Problem description - From the records below, extract all the text exactly and leave the images behind.

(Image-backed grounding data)

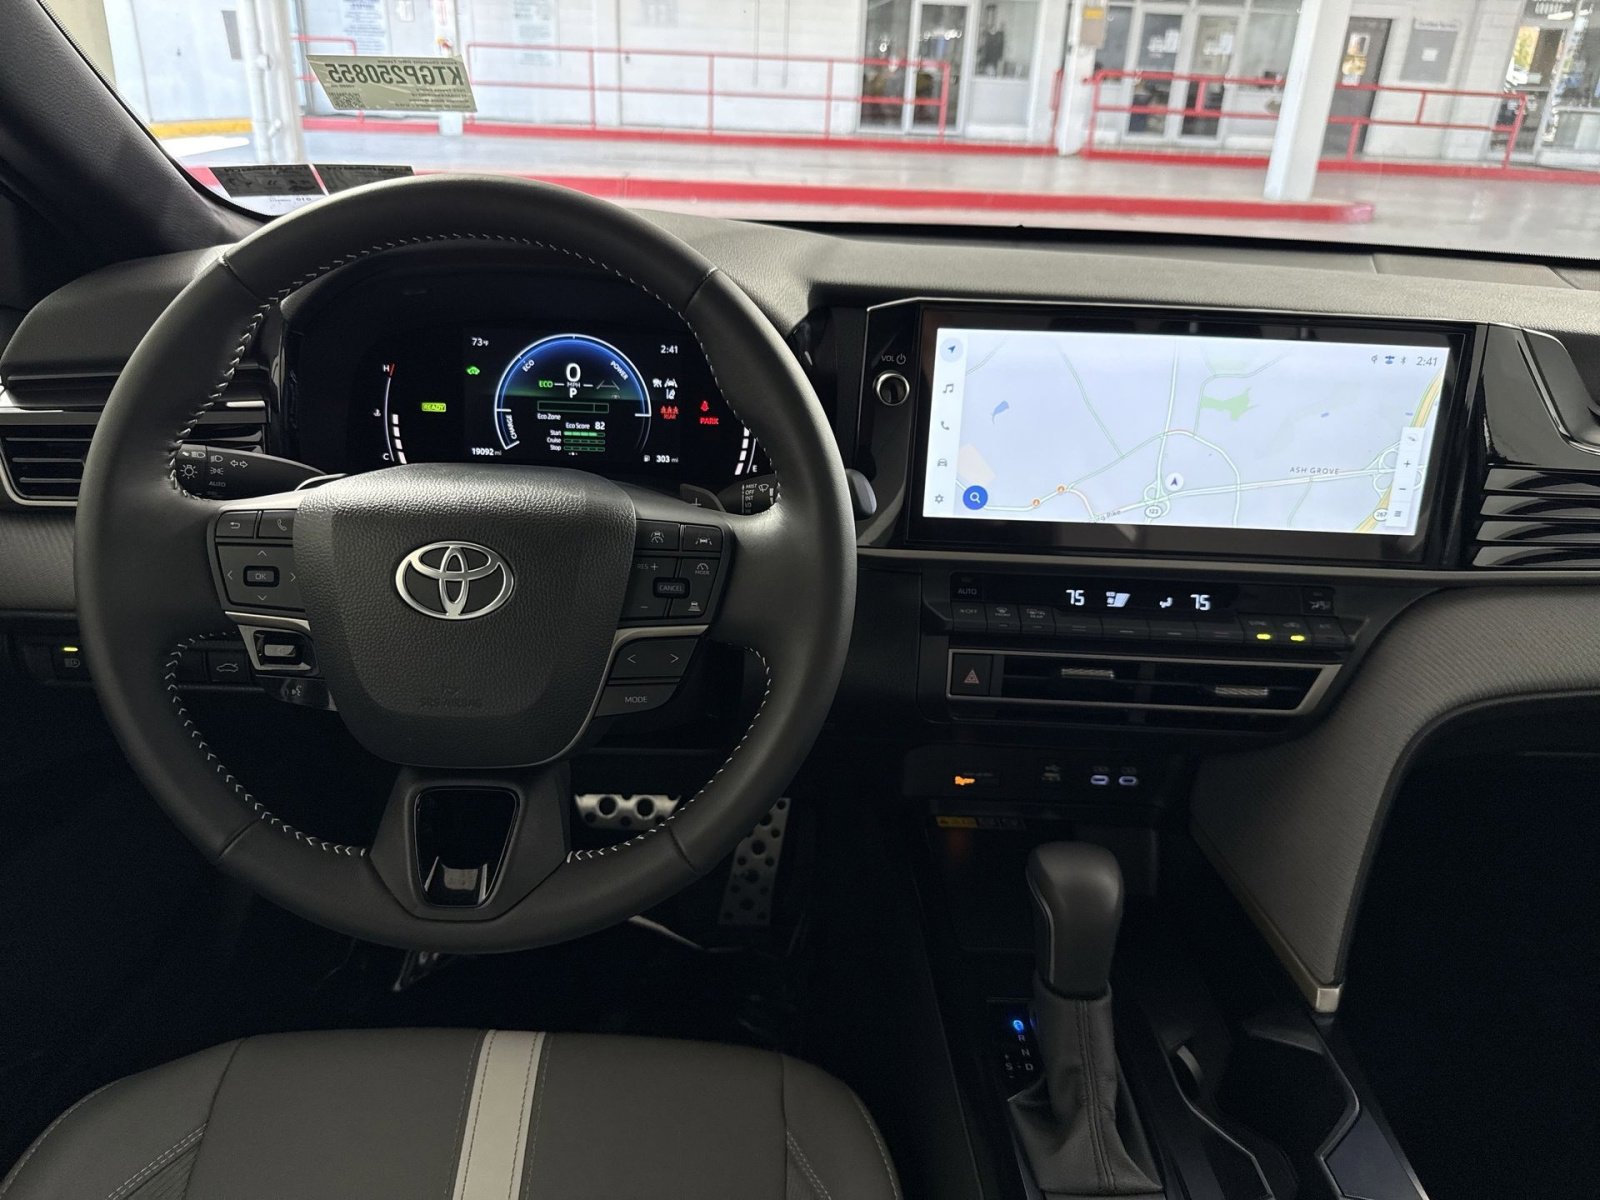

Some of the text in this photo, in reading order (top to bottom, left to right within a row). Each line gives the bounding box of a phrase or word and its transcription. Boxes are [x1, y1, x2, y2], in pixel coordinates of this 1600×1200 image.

[660, 345, 679, 354] 2:41
[522, 359, 535, 372] ECO
[1416, 356, 1438, 367] 2:41
[383, 364, 390, 373] H
[610, 360, 629, 381] POWER
[538, 380, 554, 388] ECO
[569, 388, 578, 398] P
[423, 403, 446, 411] READY
[699, 417, 720, 425] PARK
[505, 414, 518, 440] CHARGE
[565, 422, 606, 431] Eco Score 82
[471, 447, 494, 456] 19092
[382, 453, 390, 461] C
[656, 455, 670, 463] 303
[752, 464, 758, 472] E
[1290, 466, 1340, 476] ASH GROVE
[658, 584, 683, 592] CANCEL
[958, 587, 977, 595] AUTO
[1065, 589, 1085, 606] 75
[1190, 593, 1211, 611] 75

Expected answer -
Some of the text in this photo, in reading order (top to bottom, left to right within a row). Each line gives the bounding box of a phrase or word and its transcription. Boxes are [x1, y1, x2, y2], in pixel coordinates of this 1600×1200 image.

[660, 345, 679, 354] 2:41
[522, 359, 535, 372] ECO
[1416, 356, 1438, 367] 2:41
[383, 364, 390, 373] H
[610, 360, 629, 381] POWER
[538, 380, 554, 388] ECO
[569, 388, 578, 398] P
[423, 403, 446, 411] READY
[699, 417, 720, 425] PARK
[505, 414, 518, 440] CHARGE
[565, 422, 606, 431] Eco Score 82
[471, 447, 494, 456] 19092
[382, 453, 390, 461] C
[656, 455, 670, 463] 303
[752, 464, 758, 472] E
[1290, 466, 1340, 476] ASH GROVE
[658, 584, 683, 592] CANCEL
[958, 587, 977, 595] AUTO
[1065, 589, 1085, 606] 75
[1190, 593, 1211, 611] 75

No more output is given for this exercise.